有人眼中閃過冰冷,轉頭就想去找東華宗強大的道子。
不過,遠處一道長虹卻是讓他們止住身子,眼中浮現驚喜。
「是浮屠師兄,浮屠師兄來了!」
瞬間,一個丰神俊朗,渾身都閃着寶光的男子出現。
但令他們錯愕的是,這個平時嚴肅的男子滿臉笑容,更是哈哈大笑起來。
「浮屠師兄,此人瞧不起我東華宗,在此地撒野!」眾人狐疑,不過還是大喝出聲。
此話一出,浮屠塵眉頭頓時一挑,低喝道:「胡說,陳兄至情至性,當屬我輩楷模,豈會做如此事情。」
眾人一聽,頓時傻了。這不是來幫忙的麼,怎麼反過來了?
「我的確在這裏撒野了。」陳然輕哼。
浮屠塵臉色一僵,隨即又是道:「那肯定是事出有因,我相信陳兄的為人。」
這話,直接是讓眾人凌亂。這還是他東華宗百年來的最強道子麼?怎麼胳膊肘往外拐啊。
「跟我說說發生了什麼事?」浮屠塵眼神變得凌厲,掃視眾人,隨即看向了有些心虛的東煜。
「想來是你惹了陳兄吧。」浮屠塵眼中閃過冷光。
在經歷荒水台一事後,他不僅對陳然充滿感激,更是對他充滿佩服之情。
哪怕業障加身,因果纏身,也要屠戮萬靈。
之前,他與九千歲的變化,他完全看在眼中。
他能感覺到,陳然為了不讓九千歲業障纏身,直接是自己動手屠戮萬靈。
而他也能看出,這是陳然在幫九千歲。
此事,他無論怎麼想,都是對陳然佩服至極。
而當他知道陳然是丹武閣天驕後,這分佩服也是越發強烈。
試問,誰人敢捨棄千年壽命,煉製一枚丹藥?
「不,不是,是他將我兒子廢了,而且他還將我打傷!」東煜臉色一變,內心驚懼。
浮屠塵不僅是東華宗百年來的最強道子,修三天之道的長生天,未來不可限量。他還是東華宗宗主的親傳弟子,地位僅次於東華宗宗主之下的傳承長老。
如此天驕,絕不是他東煜能惹得。
就算浮屠塵將他東煜殺了,東華宗也只會對浮屠塵略施懲罰,而不會對他如何。
「他的兒子是誰?」浮屠塵不問東煜,而是問其他人。
「師兄,東煜長老的兒子是東輕荀,無量聚丹修士。」一人回答,臉色有些不好看。
這一刻,他們想到了即有可能是東輕荀得罪了陳然,而東煜則是袒護兒子,才與陳然動手。
「為人如何?」浮屠塵繼續問。
這話一處,一些認識東輕荀的弟子臉色頓時不好看。
但在浮屠塵的注視下,他們還是如實回答:「囂張,狂妄,不知好歹,好色……」
這話,讓東煜的臉色頓時變得鐵青,渾身顫抖不止。
浮屠塵嘴角泛起冷笑,看向東煜:「你可以先回去,等會兒自有宗內執法之人去調查一切。」
東煜臉色頓時變得慘白,還想說什麼,但在浮屠塵嚴厲的目光下,卻是咽了回去,灰溜溜的離去。

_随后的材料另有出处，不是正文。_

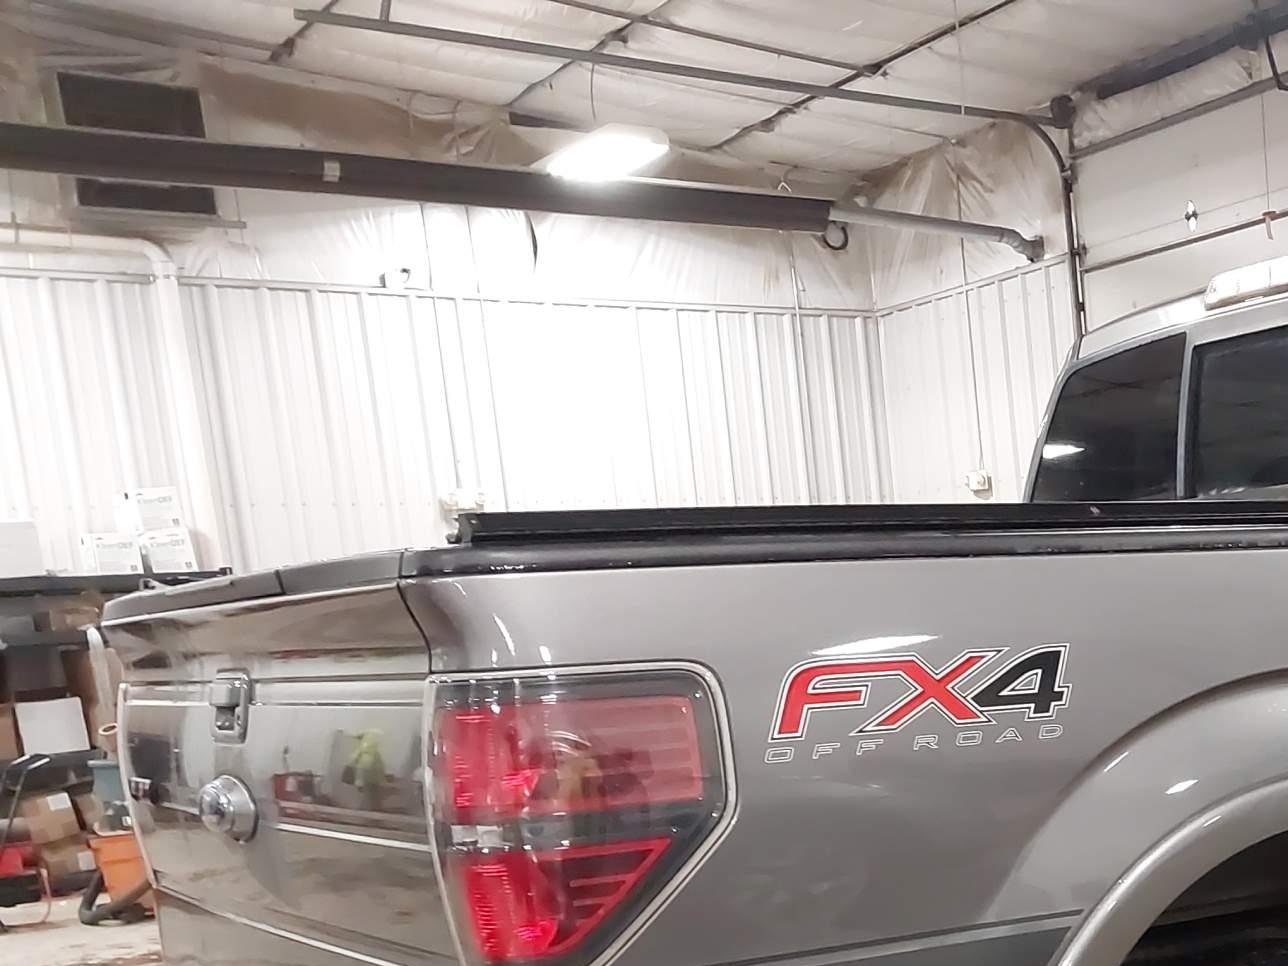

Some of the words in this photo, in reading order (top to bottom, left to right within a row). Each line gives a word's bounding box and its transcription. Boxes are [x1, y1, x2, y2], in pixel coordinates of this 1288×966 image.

[768, 643, 1072, 743] FX4
[764, 738, 884, 764] OFF
[913, 724, 1064, 750] ROAD

隨即浮屠塵看向陳然,不好意思道:「陳兄,實在抱歉,讓你看笑話了。」
「無妨。」陳然搖頭。
「哈哈,陳兄,既然來了我東華宗,定要在這多逗留幾日,我好帶你參觀參觀我東華十萬大山。」浮屠塵也沒繼續聊這個話題,而是大笑。
「那就叨嘮了。」陳然輕笑,看了眼底下的滄族,以及激動不已的十年。
浮屠塵順着目光,看向十年,眼中流露瞭然,猜到此次衝突與這弱小的族群有關。
「陳兄,你先在這等一下,我先回宗安排一下,到時再帶你參觀我東華宗。」浮屠塵輕笑,而後看向一旁有些恍惚的東華宗眾人,說道:「走,丹武閣天驕來訪,我等定要好生招待,都愣在在這裏幹嘛?」
眾人渾身一顫,看出陳然和浮屠塵交情不淺,頓時苦笑。
這事鬧得,實在太丟臉了。
很快,眾人就是紛紛離去。
「叔叔,你真厲害。」十年歡呼,激動的跑到陳然面前。
而陳然則是順手抱起十年,輕笑道:「以後,十年也會像叔叔一樣厲害。」
「真的麼?」十年眼中爆發出璀璨的光芒。
「叔叔保證,將來青凰大地,將無人不識你陳十年!」陳然認真開口。
這話,頓時讓十年驚呼,眼中流露嚮往。
而此刻滄瀾藍三人也是回神,頓時震驚。他們可是深知陳然的大名,若是陳然能收十年為徒弟,那麼這定然是他滄族一個莫大的造化。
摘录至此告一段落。